**Task details:**
Output the entries that follow character for character. Leave every image out.

[Recorded data]
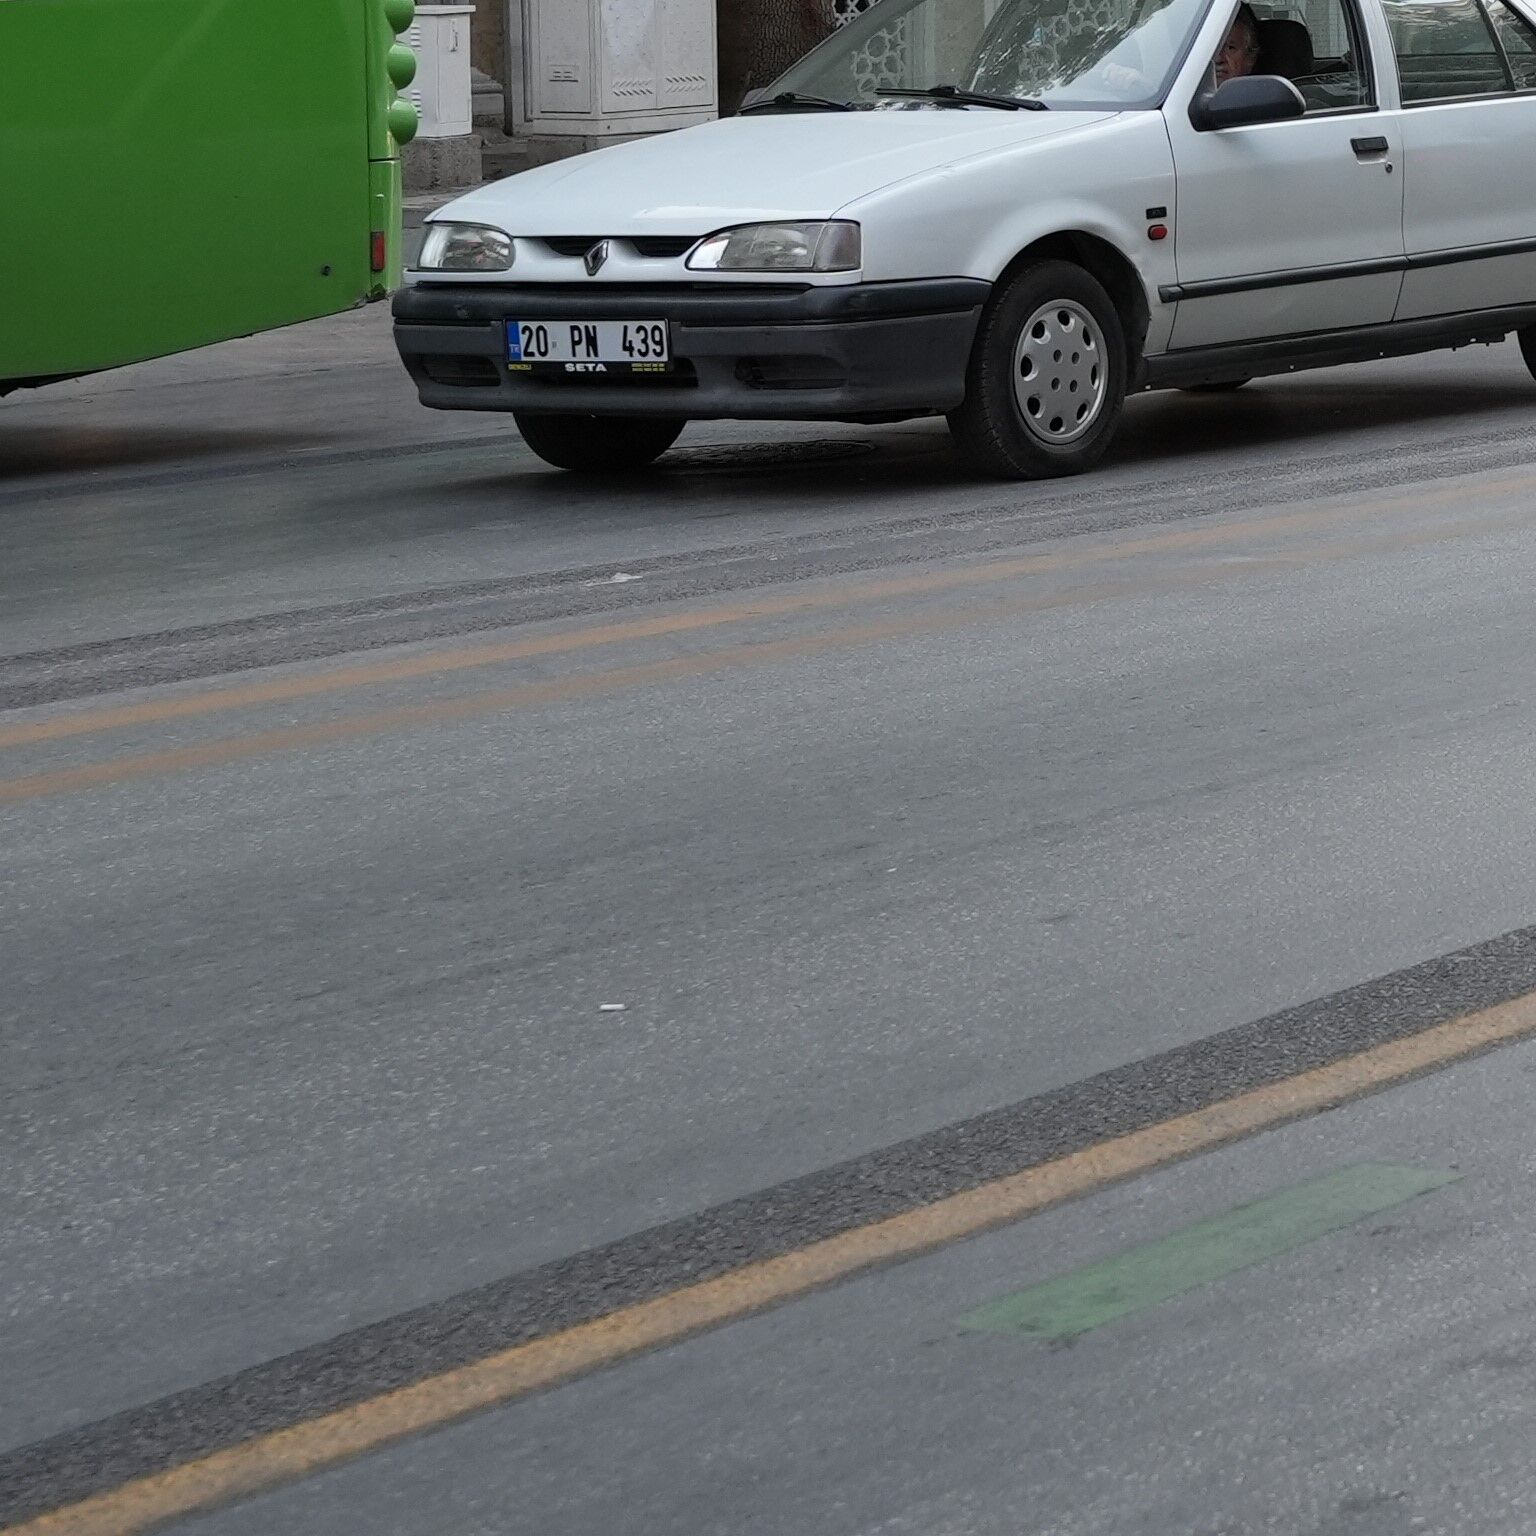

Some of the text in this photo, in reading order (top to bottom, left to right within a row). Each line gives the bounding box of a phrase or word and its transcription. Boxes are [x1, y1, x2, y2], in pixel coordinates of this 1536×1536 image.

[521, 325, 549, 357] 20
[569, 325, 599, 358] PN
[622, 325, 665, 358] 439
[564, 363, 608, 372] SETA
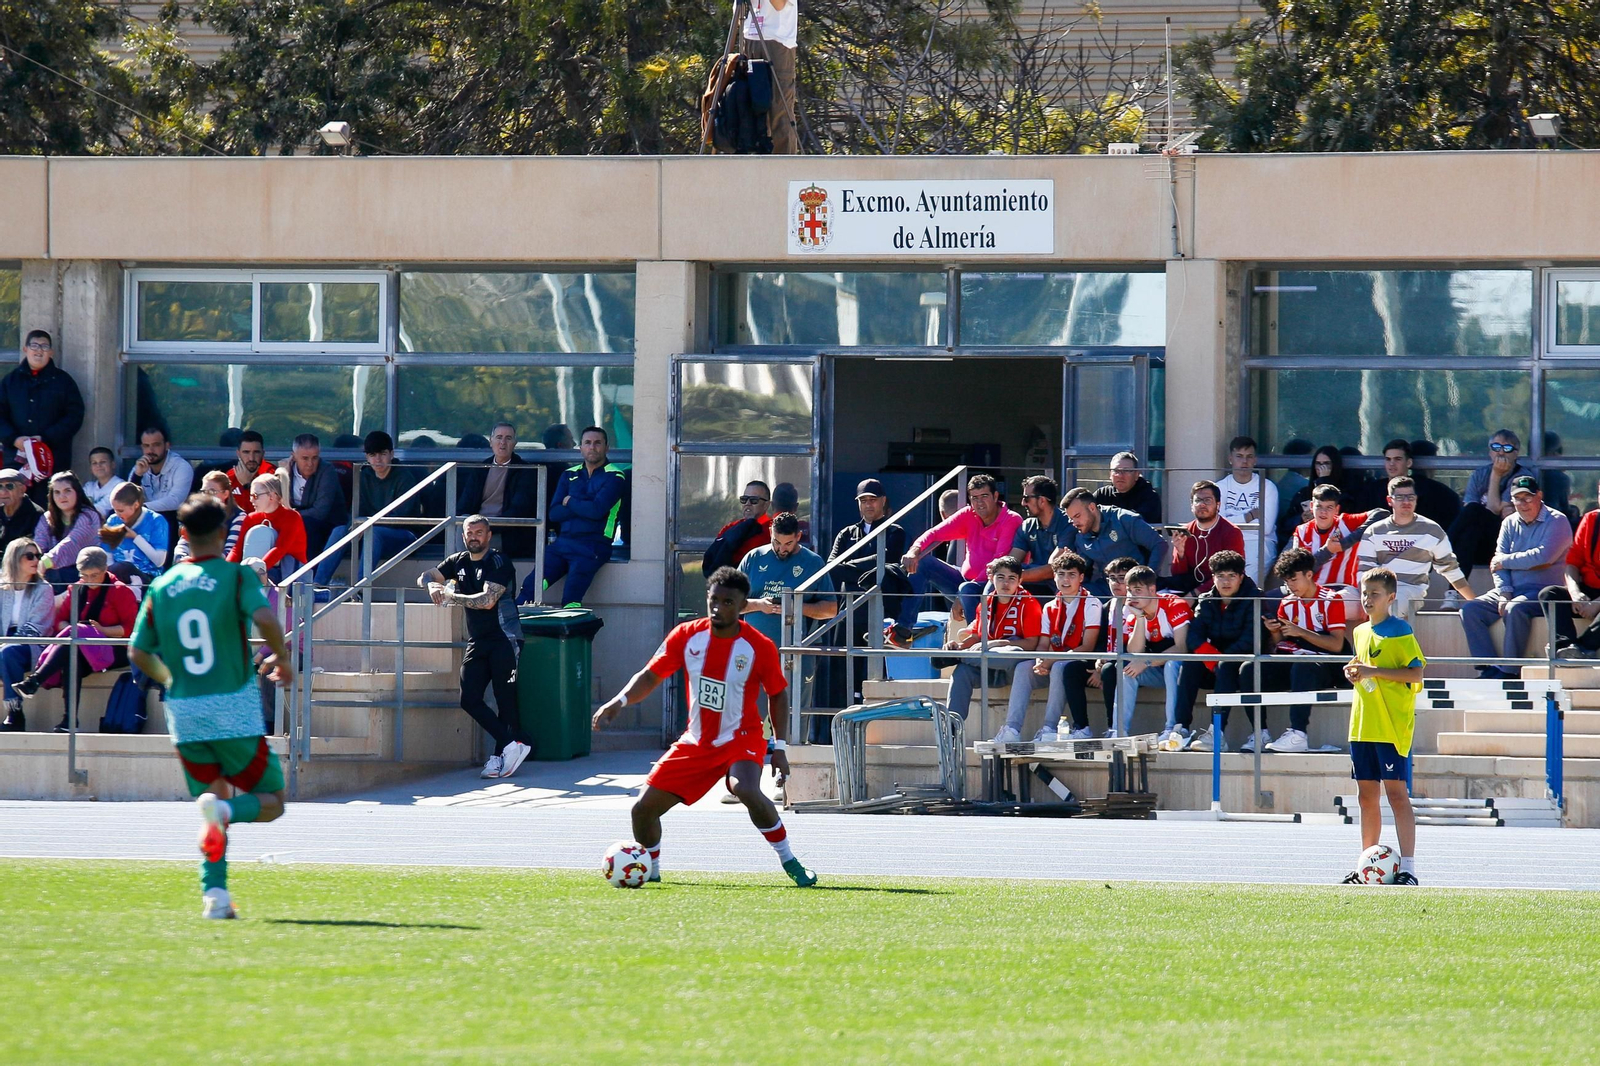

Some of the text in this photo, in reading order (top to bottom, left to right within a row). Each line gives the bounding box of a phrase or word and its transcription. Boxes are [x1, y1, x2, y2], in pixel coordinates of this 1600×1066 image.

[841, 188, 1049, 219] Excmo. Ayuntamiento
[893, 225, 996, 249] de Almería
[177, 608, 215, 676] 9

**Answer area:**
Some of the text in this photo, in reading order (top to bottom, left to right within a row). Each line gives the bounding box of a phrase or word and its transcription. Boxes are [x1, y1, x2, y2], in pixel coordinates of this 1536×1536 image.

[521, 325, 549, 357] 20
[569, 325, 599, 358] PN
[622, 325, 665, 358] 439
[564, 363, 608, 372] SETA

Some of the text in this photo, in reading order (top to bottom, left to right within a row). Each line gives the bounding box of a phrase or word and its transcription. Boxes are [x1, y1, x2, y2], in pixel coordinates of this 1600×1066 image.

[841, 188, 1049, 219] Excmo. Ayuntamiento
[893, 225, 996, 249] de Almería
[177, 608, 215, 676] 9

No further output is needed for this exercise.